Thut also looked at optimal combinations of frequencies. He knows that tone-frequencies with a ratio of whole numbers sound really harmonic. This is always the case when standing waves resonate in the same space (in music this space means the same length of the tube of the saxophone or the string of the violin). Just as in music, pure chords – like a fifth or a third – also sound harmonic in nature, and what is significant for life processes, they reinforce each other. He applied this invention in his technique of DC (direct current) water treatment Aqua4D, which has proven in practice to be very successful. In this technique for water treatment he applied the frequencies of Oxygen (in G) and Carbon (in D) which together form a fifth – as shown below. With this technique he was successful in many countries. Plants absorb this water better, also plants in brackish soils. These positive effects of specific positive frequencies on processes in water – and in nature – support the validity of his discovery. It also underlines the suggestion that vibration or EMF-radiation not only has negative effects on nature, it may as well exert positive impact on water and plants. But for a healthy environment we have to understand the different effects of different frequencies.

3. Tuning the octave

Musicians in an orchestra always tune their instruments: the first violin sets its frequency and the entire orchestra tunes in to achieve its full harmony. The HET also requires a choice of its basic tone, the tone that serves as the anchor for the other tones in the octave. Thut tuned his Harmonic Elements Table (HET) on the base frequency G (381.1 Hz). He chose G as the anchor, because G includes the tones of Hydrogen and Oxygen, both essential elements in biology and in water. You’ll find H and O – with some other elements – in the red bar G at the left. Tone G harmonizes perfectly with tone D, the tone of Carbon, the other essential element that combines with H and O into carbohydrates CxHyOz. In addition, the frequency of several other important elements are located in D as well, like Magnesium Mg and Gold Au.  

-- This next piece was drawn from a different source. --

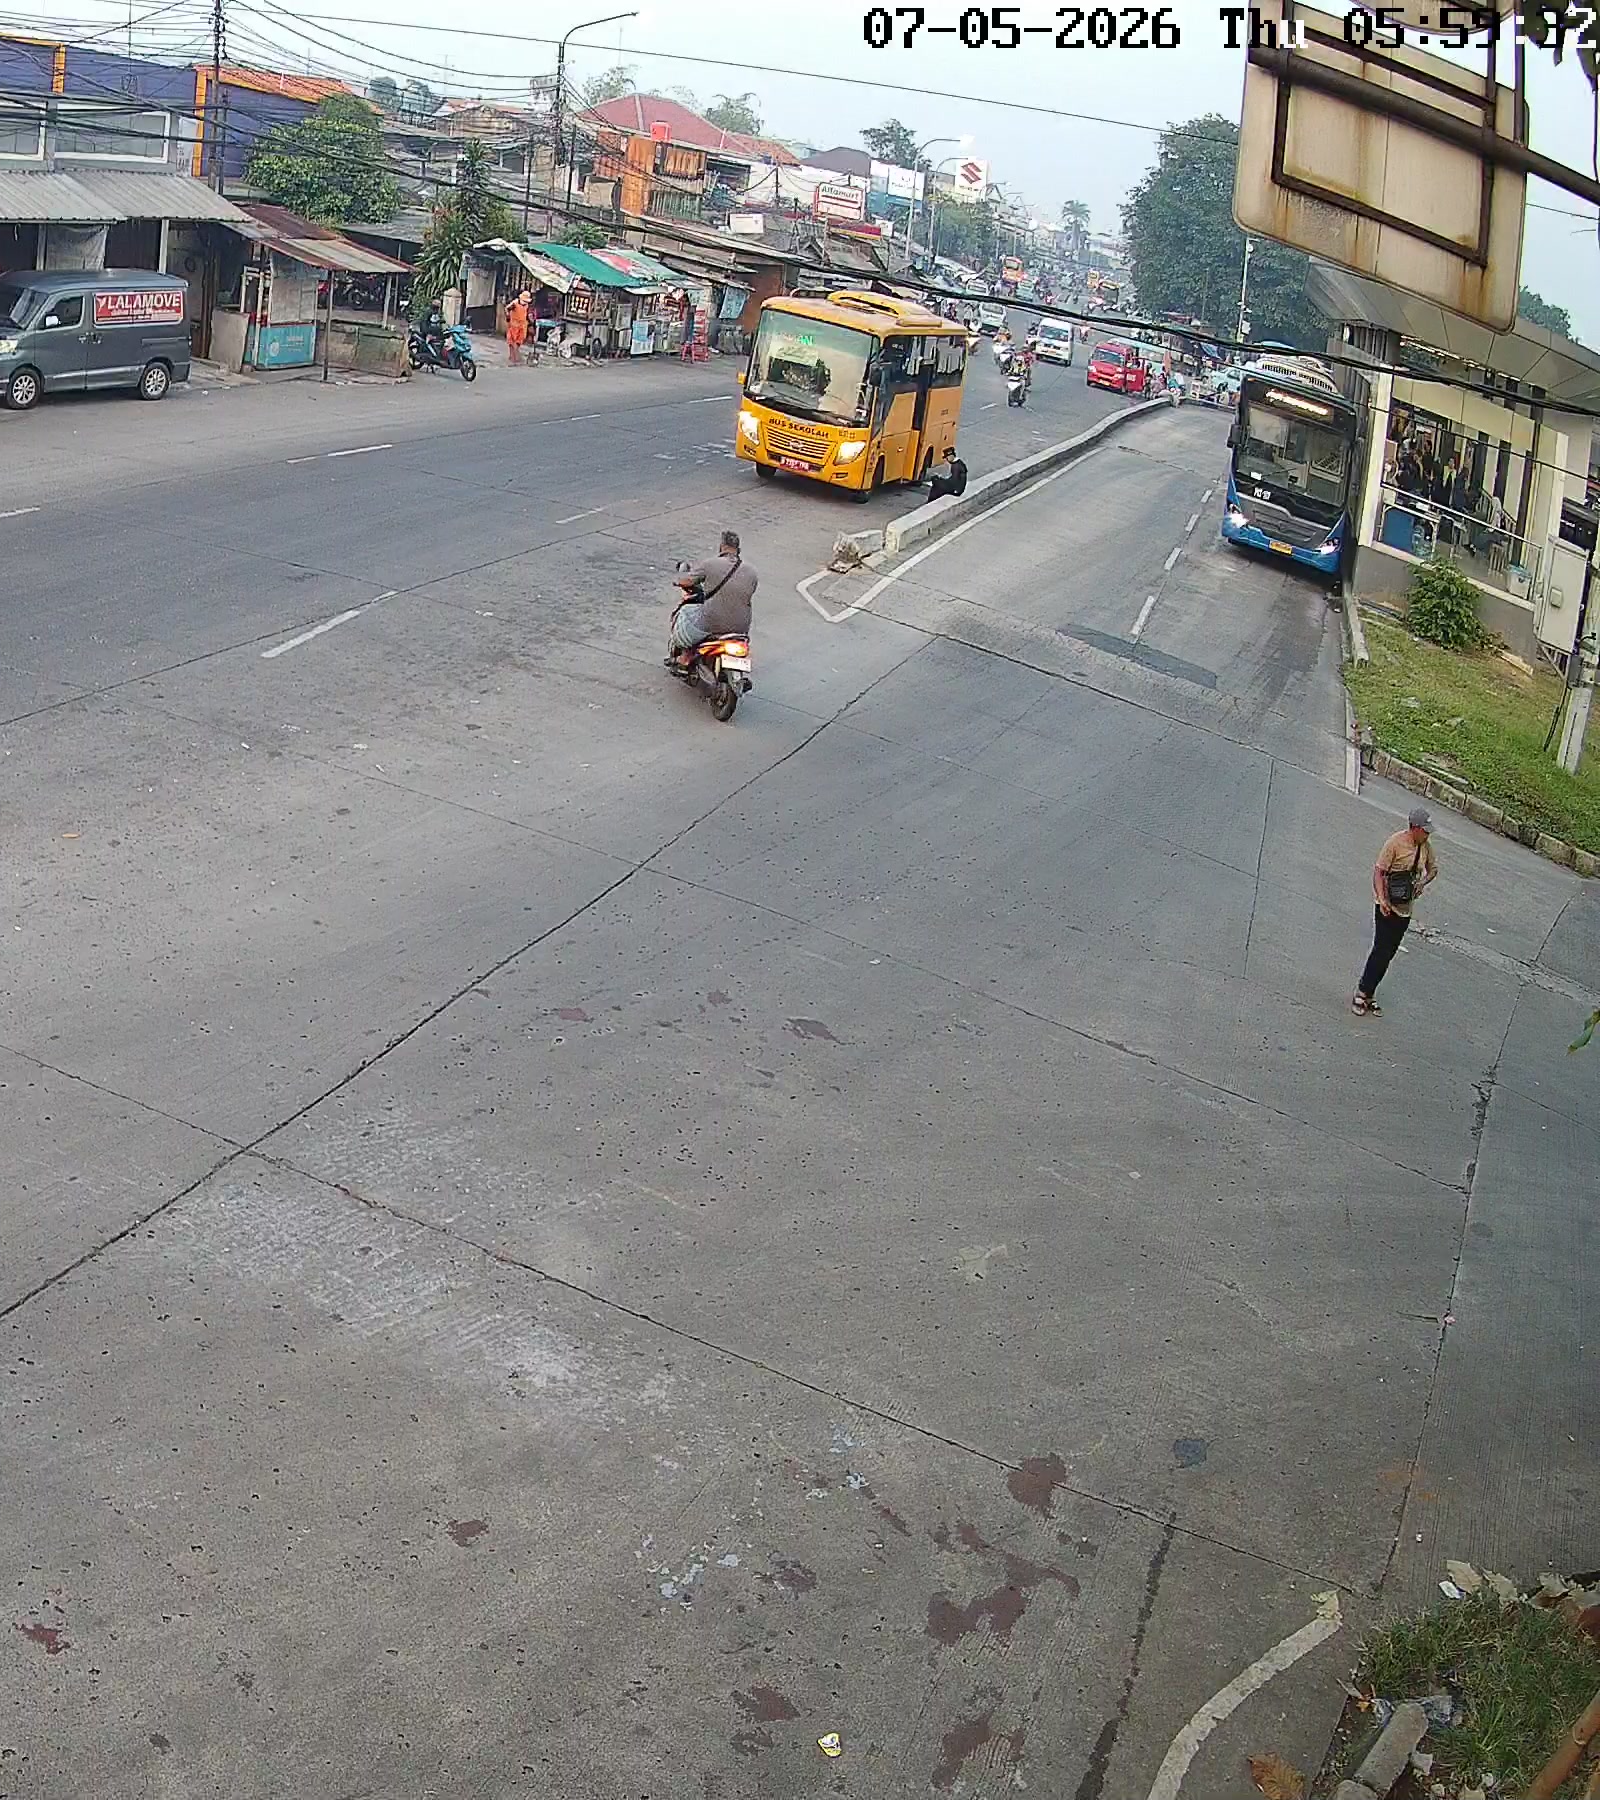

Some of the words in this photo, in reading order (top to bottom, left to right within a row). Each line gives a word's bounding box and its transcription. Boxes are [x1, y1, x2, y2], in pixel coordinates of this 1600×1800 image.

The exact tuning requires another important choice, the choice between an absolute, just or natural scale* and a tempered scale*. Whereas a tempered scale nowadays is used in most orchestras (with tone A set in 440 Hz) as a compromise to fit all instruments, Thut founded his HET-scheme on an absolute music scale. With ‘absolute’ scale tuning, the life-supporting elements all fit best at precise harmonic ratios to the main note G. For example in the ratio 3:2, but also on other harmonic ratios like 9:8, 5:4, 5:3 or 7:4. (In his scale tone A is found at 428.7 Hz, the tone of the electron and very close to the frequency of a water molecule as well). Thut suggests that this absolute tuning comes closest to harmonic frequencies in nature. Therefore, this ‘just’ scale serves best our intentions to harmonically support natural processes. 

The difference between ‘absolute’ and ‘tempered’ scaling is explained in annex 1

4. Comparison of the GM scale and the Harmonic Elements Table.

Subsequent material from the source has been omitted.